Dal governo

Via libera del Governo al Ccnq su nuove aree e comparti, Cosmed: «Importante successo sindacale. Sanità resta autonoma. Ora recuperare il valore del servizio pubblico»

Il Consiglio dei ministri di ieri ha aggiunto un tassello mancante per l’avvio della nuova stagione contrattuale del pubblico impiego, autorizzando la ministra per la semplificazione e la pubblica amministrazione Maria Anna Madia ad esprimere il parere favorevole del Governo sull'ipotesi di Contratto collettivo nazionale quadro (CCNQ) per la definizione dei comparti di contrattazione collettiva e delle relative aree dirigenziali per il triennio 2016-2018, firmata il 5 aprile 2016.

«Si dà, in tal modo, attuazione alla riforma operata dal d.lgs. n. 150 del 2009 - spiega il comunicato di Palazzo Chigi - riducendo il numero dei comparti e delle aree di contrattazione».

Quattro i comparti di contrattazione collettiva: comparto delle Funzioni Centrali; comparto delle Funzioni Locali; comparto dell'Istruzione e della Ricerca; comparto della Sanità. A tali comparti corrispondono anche le aree di contrattazione collettiva anche per la dirigenza.

«Il via libera del Governo alle aree negoziali è un importante successo sindacale – commenta il Segretario Generale Cosmed, Giorgio Cavallero – costato anni di lavoro.
Siamo riusciti a mantenere l'autonomia della sanità, che avrà un contratto separato rispetto ai restanti settori del pubblico impiego, Scuola, Stato, Enti locali, e non dovrà omogeneizzare contratti diversi, a differenza delle altre aree. Grazie alle nuove aree la rappresentanza sindacale, oggi troppo frammentata rispetto alla gravità del momento, sarà semplificata».

Una svolta positiva quindi ma che non consente facili entusiasmi vista l’esiguità delle risorse in campo. «L'approvazione del Governo giunge alla vigilia dei ballottaggi. Se fosse un calcolo politico - continua Cavallero - significherebbe che il Governo si è accorto dell'esistenza di oltre tre milioni di dipendenti pubblici che hanno sostenuto il peso economico della crisi e che sono senza contratto dal 2009. Tuttavia, la situazione generale e l'entità degli aumenti contrattuali ad oggi prevedibili non lasciano spazi a particolari entusiasmi».

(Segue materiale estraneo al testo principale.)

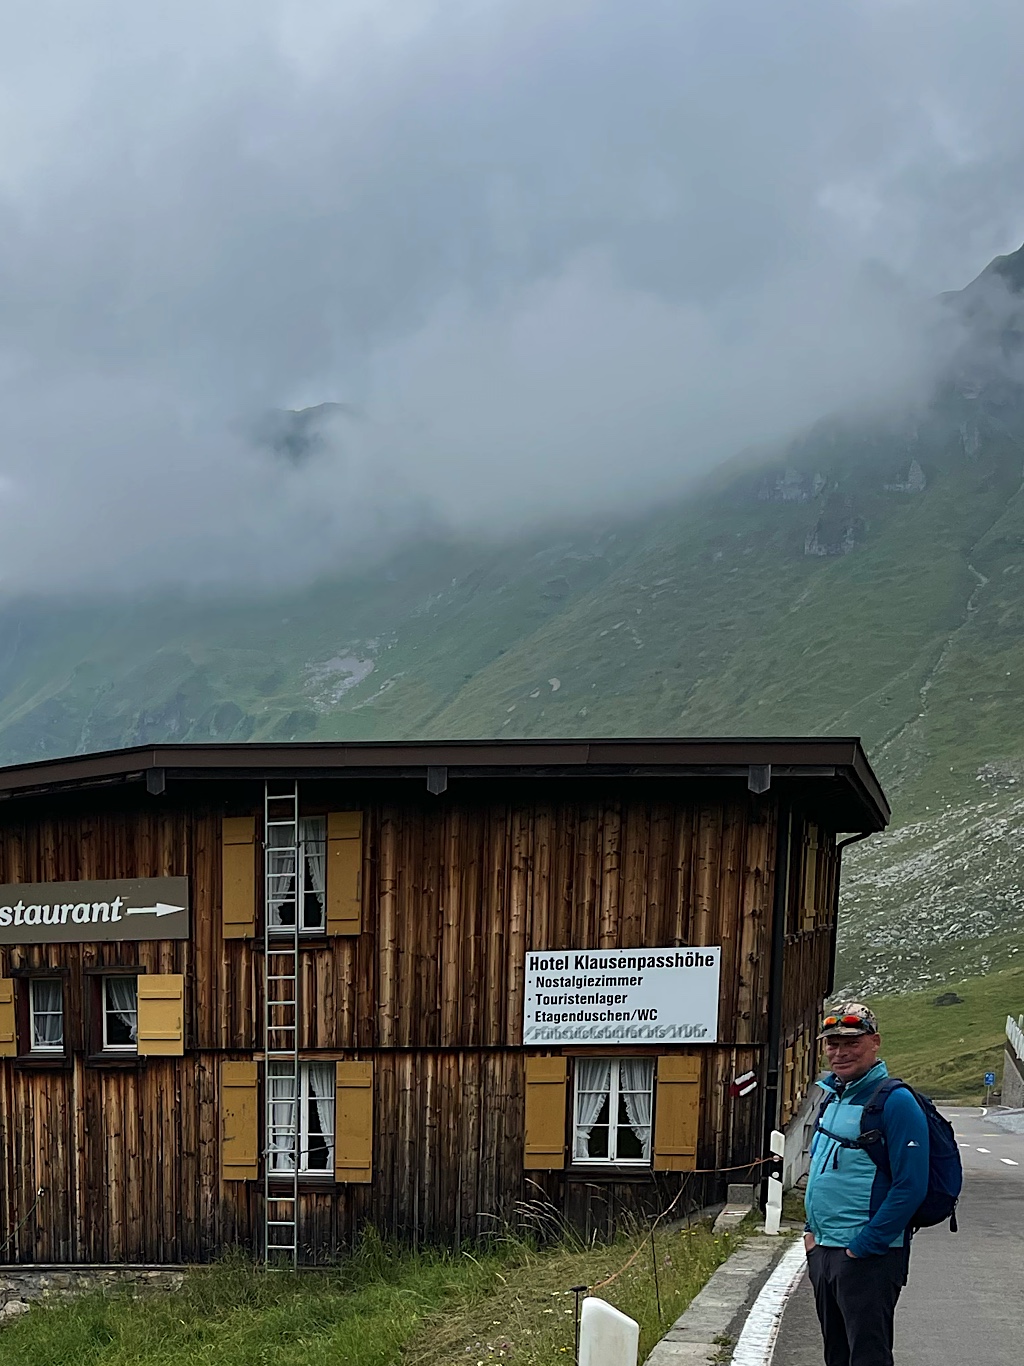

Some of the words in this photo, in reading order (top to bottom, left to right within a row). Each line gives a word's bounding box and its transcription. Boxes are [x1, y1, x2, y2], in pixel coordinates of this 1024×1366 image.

Il pubblico impiego in questi anni ha pagato cara la crisi e i tagli: «La pubblica amministrazione - spiega la Cosmed - dal 2010 ha perso oltre 300.000 posti di lavoro, con un calo del monte salari (cioè le retribuzioni lorde complessive) di 10,8 miliardi di euro e i precari, oltre 100.000, in crescita costante. I tagli al salario accessorio rendono gli stipendi attuali perfino più bassi di 6 anni fa. Malgrado numero e retribuzioni medie dei dipendenti pubblici in Italia siano tra i più bassi dei Paesi Ocse, per il pubblico impiego, oggetto di leggi speciali punitive rispetto al privato, in materia previdenziale e perfino fiscale, la crisi non finisce mai».

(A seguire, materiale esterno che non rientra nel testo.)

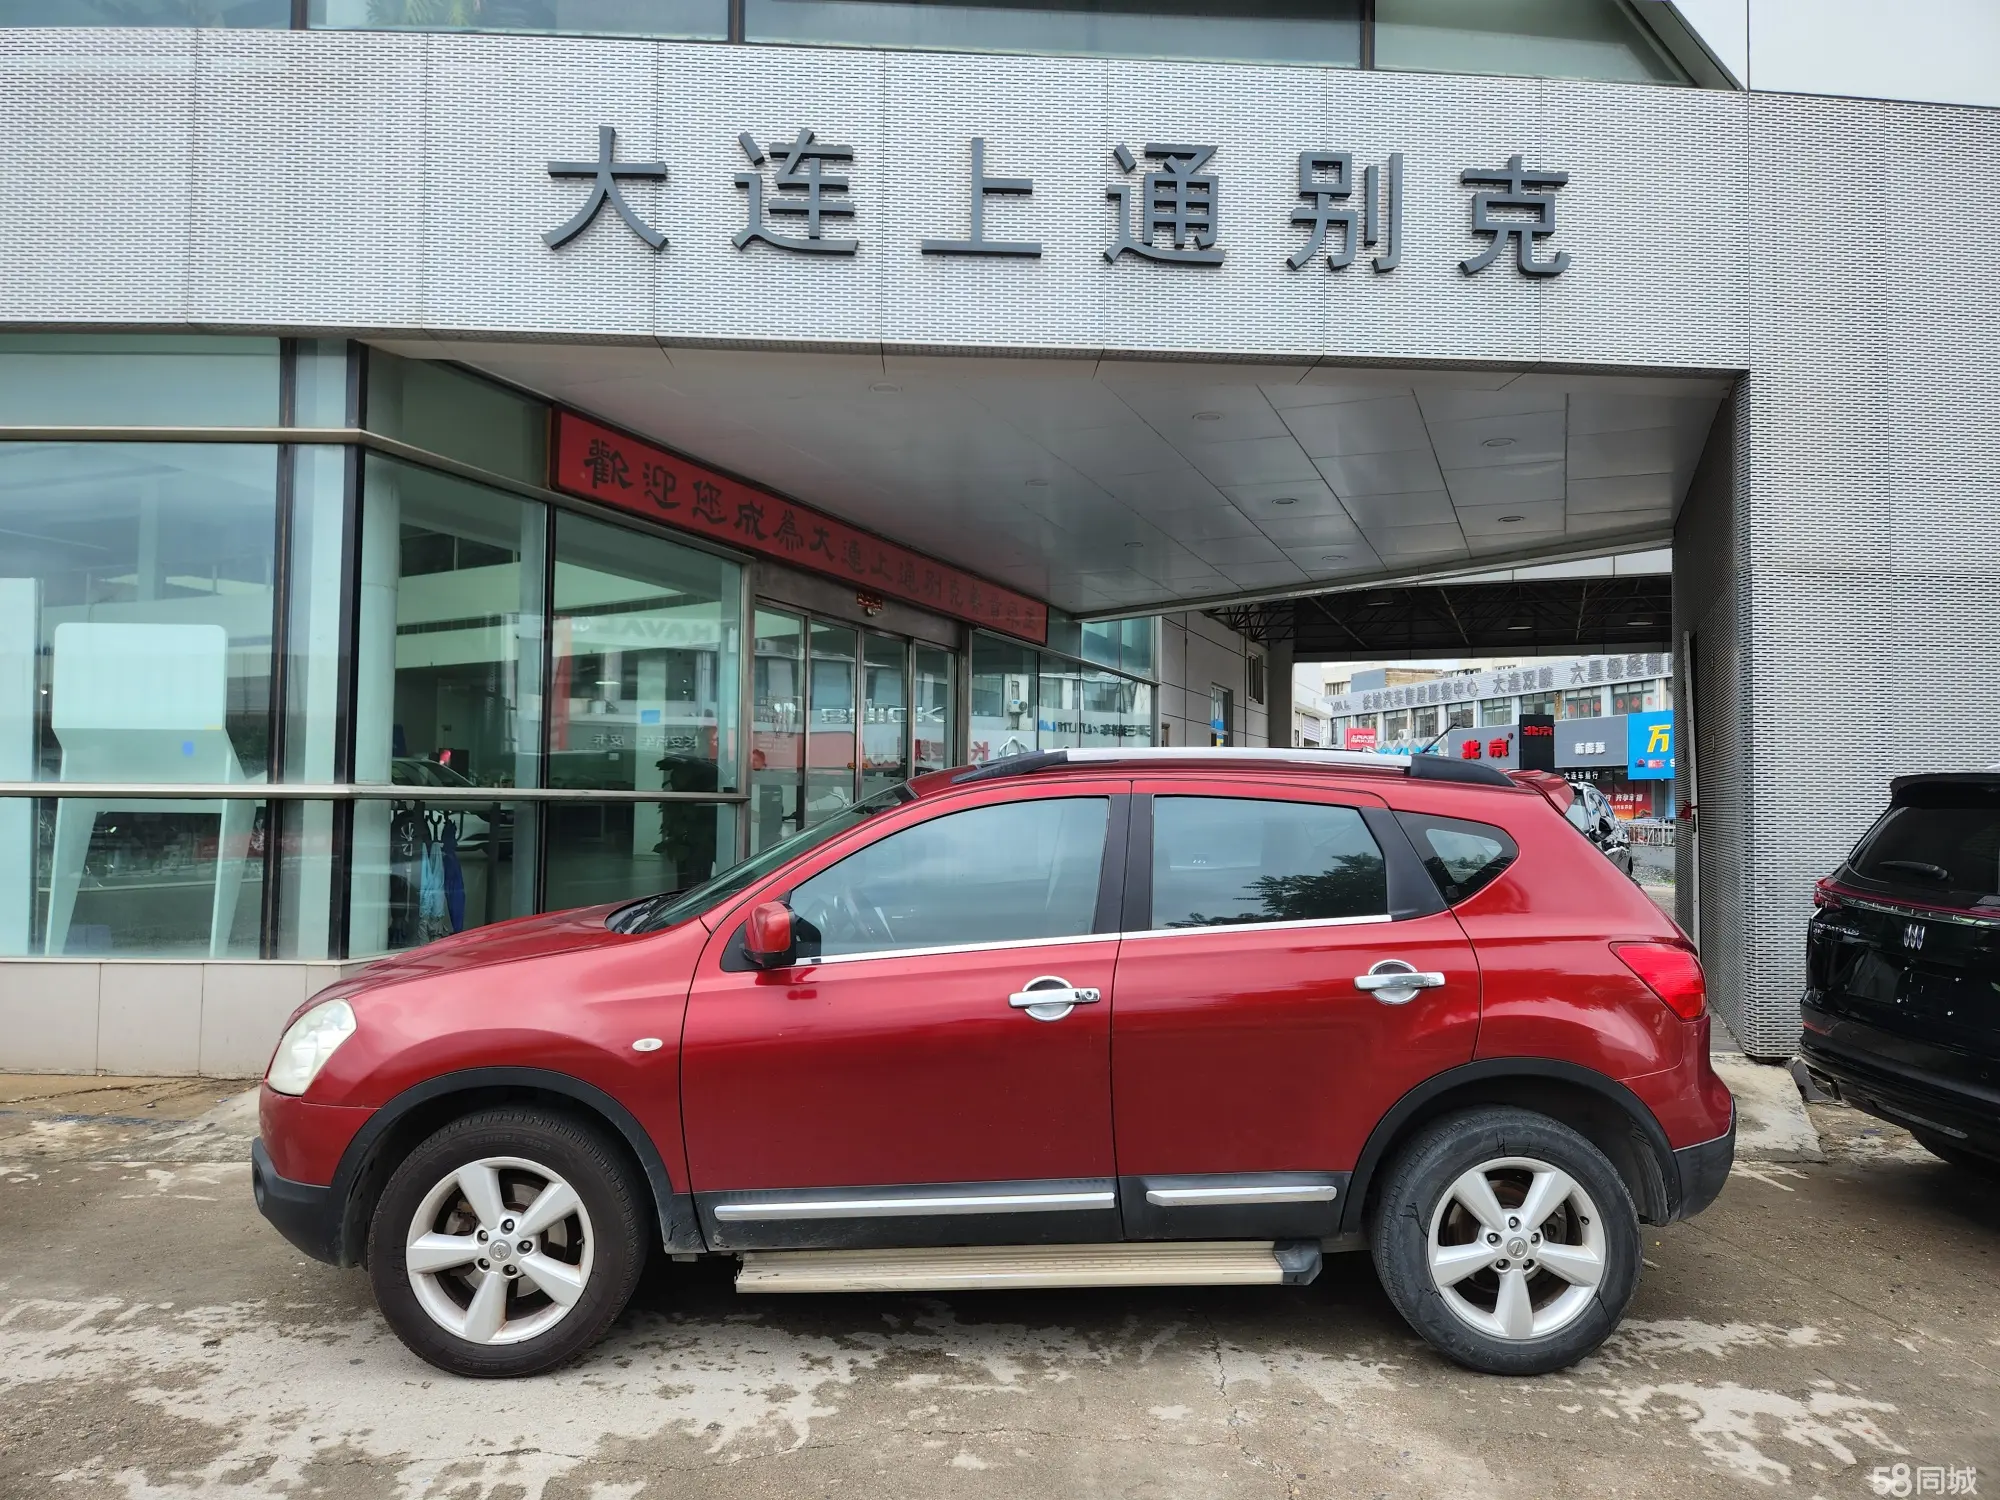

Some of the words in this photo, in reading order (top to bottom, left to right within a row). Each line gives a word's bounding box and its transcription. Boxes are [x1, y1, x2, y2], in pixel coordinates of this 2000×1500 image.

[542, 126, 1571, 278] 大连上通别克
[821, 706, 946, 724] BUICK
[1523, 726, 1552, 736] 北京
[1647, 724, 1671, 753] 万
[1462, 738, 1509, 759] 北京
[1575, 742, 1605, 755] 新能源

Per la Cosmed vanno poi fatte delle considerazioni politiche. «L'aumento economico proposto per il triennio 2016-18 è pari a 6 euro medi netti al mese - sottolinea Cavallero - dopo che sono stati cancellati i contratti precedenti senza recupero economico, nonostante il pronunciamento della Corte Costituzionale. Il finanziamento, risibile e provocatorio, in realtà è una scelta politica. Nei prossimi anni la pubblica amministrazione si ridurrà ancora di numero per il blocco del turnover e gli inevitabili pensionamenti che riprenderanno con ritmo regolare dopo il blocco della “legge Fornero”. All'interno del sistema si libereranno molte risorse come mai è avvenuto, ma i Governi dell' ultimo decennio hanno destinato i cospicui risparmi (10,8 miliardi annui per gli stipendi e oltre 30 miliardi per le pensioni) per sostenere i settori privati».

«Per questo la questione è strettamente politica - conclude la Cosmed - esistendo un pregiudizio ideologico contro il lavoro pubblico, e la volontà di ridurre ulteriormente servizi e dipendenti pubblici in favore del privato. Poco importa se oltre 11 milioni di italiani rinunciano alle cure sanitarie, razionate come non mai, e che la vita media nel 2015 si è ridotta, cosa che non accadeva dalla seconda guerra mondiale. Dopo decenni di privatizzazioni disastrose sarebbe ora di ripensare al modello di sviluppo e uscire dallo slogan ormai retorico “meno Stato e più privato”. A cominciare dalla prossima legge di stabilità, occorre recuperare i valori di fondo del servizio pubblico oggetto di un attacco senza precedenti, per evitare declino e residualità».